- Born: John Daniel Barron January 26, 1930 Wichita Falls, Texas, U.S.
- Died: February 24, 2005 (aged 75) Virginia, U.S.
- Education: University of Missouri
- Occupations: Journalist; investigative writer;
- Writing career
- Notable awards: Raymond Clapper Memorial Award (1964)

= John Barron (American journalist) =

American journalist (1930–2005)

John Daniel Barron (January 26, 1930 – February 24, 2005) was an American journalist and investigative writer. He wrote several books about Soviet espionage via the KGB and other agencies.

==Early life==

John Barron was born January 26, 1930, in Wichita Falls, Texas, the son of a Methodist minister.

He graduated from the University of Missouri and studied Russian at the United States Naval Postgraduate School in Monterey, California. He served in Berlin as a naval intelligence officer.

==Journalistic career==

In 1957, he joined the Washington Star as an investigative reporter. In 1964, he and fellow Star reporter Paul B. Hope were given the Raymond Clapper Memorial Award "for their work on the Baker case, which was presented to them during an awards dinner in Washington, by guest speaker Alfred Hitchcock."

In 1965, Barron joined the Washington bureau of Reader's Digest. There he wrote more than 100 stories on a wide variety of subjects—notably a 1980 story concerning unanswered questions surrounding the drowning death of Mary Jo Kopechne at Chappaquiddick in a car driven by Ted Kennedy.

After Barron published his 1974 book KGB: The Secret Work of Soviet Secret Agents, the KGB attempted to discredit him by faking claims that Barron was part of a Zionist conspiracy as well as "...made much of his Jewish origins...". In 1996, Barron published a book detailing the saga of the Federal Bureau of Investigation's Operation SOLO, involving the infiltration of the top leadership of the Communist Party USA by the FBI's secret informant Morris Childs. From 1958 through 1977, Childs traveled to Moscow over 50 times, acting as a courier between the CPUSA and Communist Party of the Soviet Union. Childs was instrumental in helping with the transfer of over $28 million from the Communist Party of the Soviet Union to the Communist Party of the US to help fund its activities, with each transaction painstakingly reported by Childs to his FBI handlers.

Barron's and co-author Anthony Paul's 1977 book Murder of a Gentle Land: The Untold Story of Communist Genocide in Cambodia was important in overturning the Cambodian genocide denial and the myth that the Khmer Rouge rulers of Cambodia were benign agrarian reformers.

==Death and legacy==

John Barron died in Virginia on February 24, 2005. He was 75 years old at the time of his death.
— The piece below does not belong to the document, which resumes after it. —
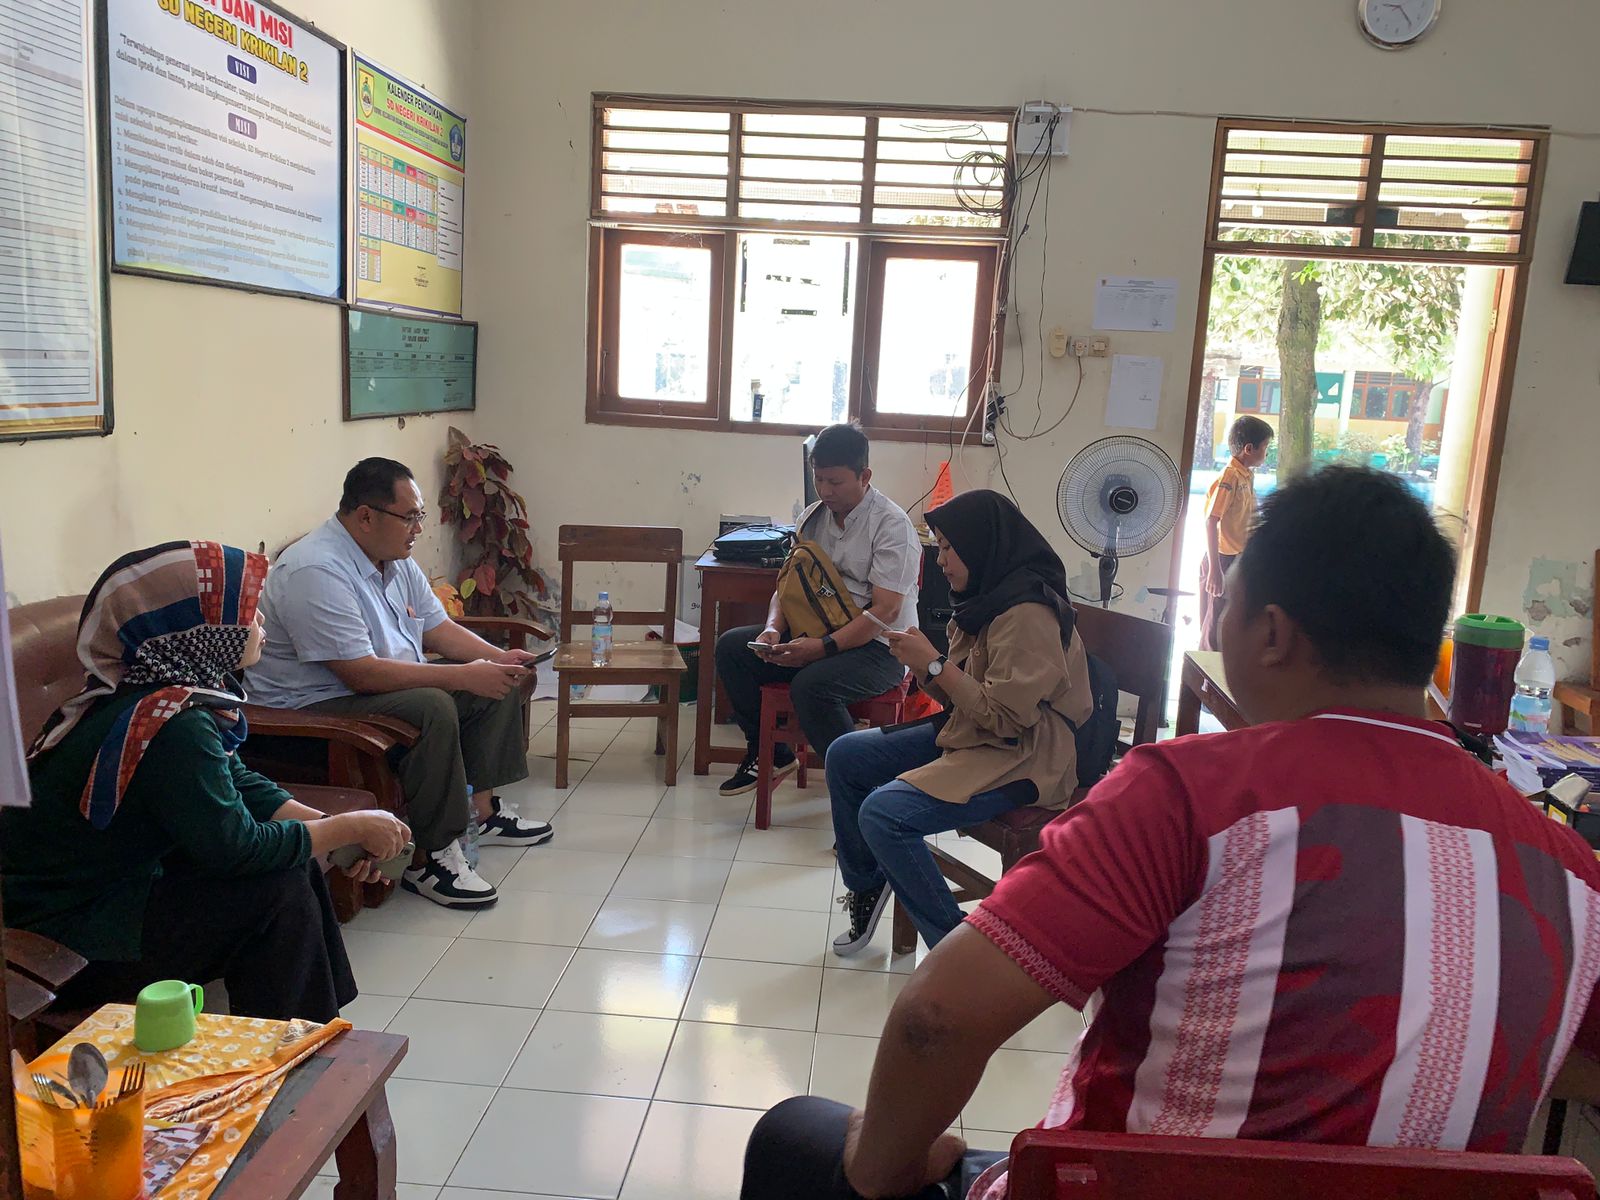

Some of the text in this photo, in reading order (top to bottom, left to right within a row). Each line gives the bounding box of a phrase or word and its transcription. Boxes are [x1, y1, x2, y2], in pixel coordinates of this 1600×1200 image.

Barron's papers are held by the Hoover Institution Archives at Stanford University in Palo Alto, California.

==Works==

- KGB: The Secret Work of Soviet Secret Agents. New York: Reader's Digest Press, 1974. London: Hodder & Stoughton, 1974. [pb] New York: Bantam Books, 1974.
- Murder of a gentle land: the untold story of a Communist genocide in Cambodia, Authors John Barron, Anthony Paul, Reader's Digest Press, 1977.
- MiG Pilot: The Final Escape of Lieutenant Belenko, New York: McGraw-Hill, 1980.
- "The KGB's Magical War for 'Peace'" in Ernest W. Lefever and E. Stephen Hunt (eds.), The Apocalyptic Premise: Nuclear Arms Debated: Thirty-one Essays by Statesmen, Scholars, Religious Leaders, and Journalists. Lanham, MD: Rowman and Littlefield, 1982.
- KGB Today: The Hidden Hand. New York: Berkley Books, 1983.
- Breaking the Ring: The Bizarre Case of the Walker Family Spy Ring, John Anthony Walker. Boston: Houghton Mifflin, 1987.
- Operation SOLO: The FBI's Man in the Kremlin, Washington, DC: Regnery, 1996.